The Ohio Supreme Court has revisited, affirmed and applied its earlier decision in Westfield Ins. Co. v. Custom Agri Systems, Inc. 133 Ohio St.3d 476, holding that an “insurer is not required to defend a commercial-general-liability policyholder against [a] suit by [a] property owner, because subcontractor faulty workmanship is not fortuitous.” Ohio Northern University (ONU) contracted with Charles Construction to build an inn and conference center. After the work was completed, ONU discovered extensive water damage as a result of leaks, believed to be caused by poor workmanship performed by a subcontractor. ONU sued Charles Construction, and Charles Construction tendered its defense to its CGL insurer, Cincinnati Insurance Company (CIC).
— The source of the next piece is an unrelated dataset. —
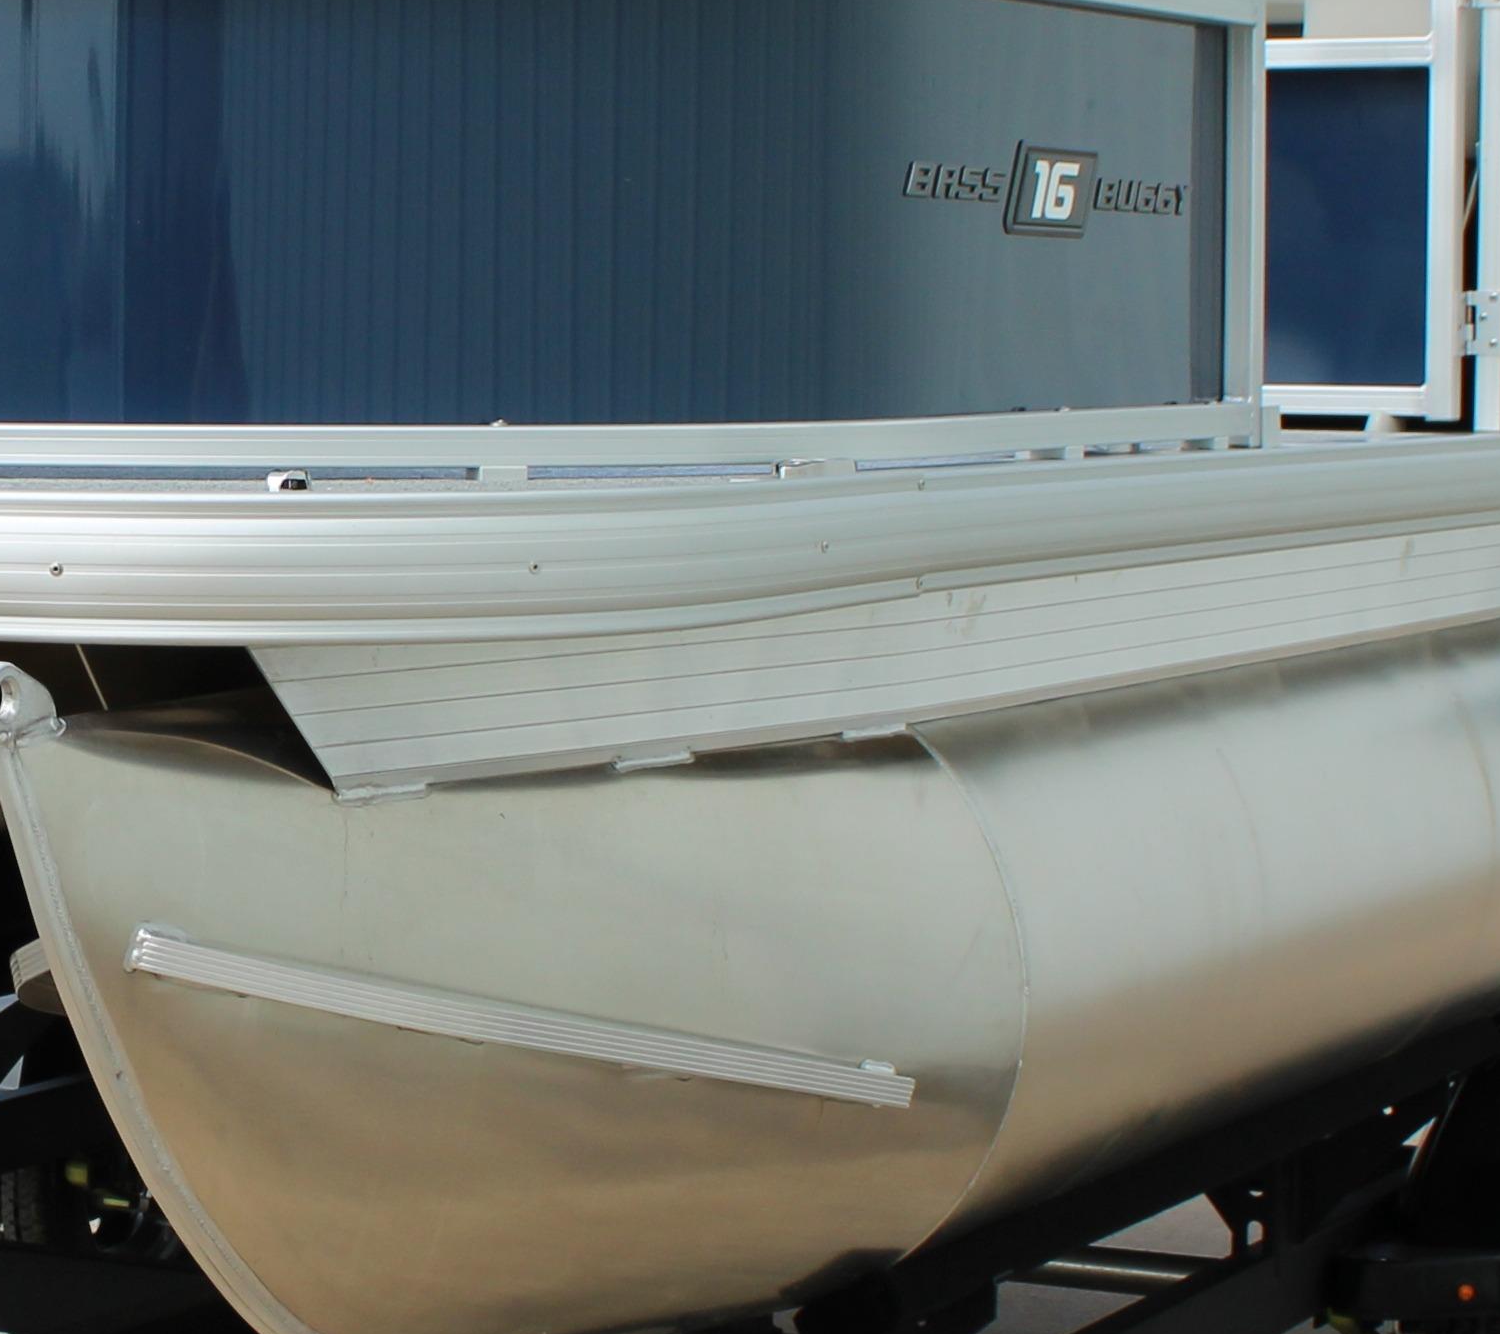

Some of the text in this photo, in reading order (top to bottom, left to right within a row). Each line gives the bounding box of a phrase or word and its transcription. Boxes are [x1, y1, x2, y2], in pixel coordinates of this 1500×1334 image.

[902, 158, 1190, 221] BASS 16 BUGGY
CIC intervened and argued that it was not obligated to defend or indemnify Charles Construction because the claims did not arise out of an occurrence as defined by the policy. The trial court ruled in CIC’s favor based on the Ohio Supreme Court decision in Westfield v. Custom Agri, finding no occurrence when the claim is based on alleged faulty workmanship. Charles Construction and ONU appealed, and the 3rd District Court of Appeals took a narrower view, acknowledging that Westfield v. Custom Agri is good law, but finding that the trial court failed to address products and completed operations coverage and the subcontractor’s work exception to the work product exclusion. CIC appealed to the Ohio Supreme Court, which reinstated the trial court decision, finding no coverage because there was no occurrence. The court reasoned that faulty workmanship, even by a subcontractor, is a business risk and, therefore, is not accidental, not fortuitous, and does not arise out of an occurrence. “There is no question that the damage to the inn was ‘property damage’ that was discovered after work was completed. But without an ‘occurrence,’ as defined in the CGL policy, there is no coverage for any property damage.” The court rejected the argument that the products and completed operations coverage was an additional coverage for which an additional premium was paid and that it was intended to cover claims such as these.

 

The case has raised a great deal of consternation in the construction industry and among their independent insurance agents. Many agents had long thought that CGL policies with products and completed operations coverage would protect a general contractor from claims based on a subcontractor’s faulty workmanship. The addition of the subcontractor exception to the work product exclusion led many agents to believe that these types of claims would be covered. Based on this decision, these claims are not covered. Agents and contractors are reevaluating their options to determine what they can do to obtain coverage for these risks.

 

Case Law Alerts, 2nd Quarter, April 2019

Case Law Alerts is prepared by Marshall Dennehey Warner Coleman & Goggin to provide information on recent developments of interest to our readers. This publication is not intended to provide legal advice for a specific situation or to create an attorney-client relationship. Copyright © 2019 Marshall Dennehey Warner Coleman & Goggin, all rights reserved. This article may not be reprinted without the express written permission of our firm.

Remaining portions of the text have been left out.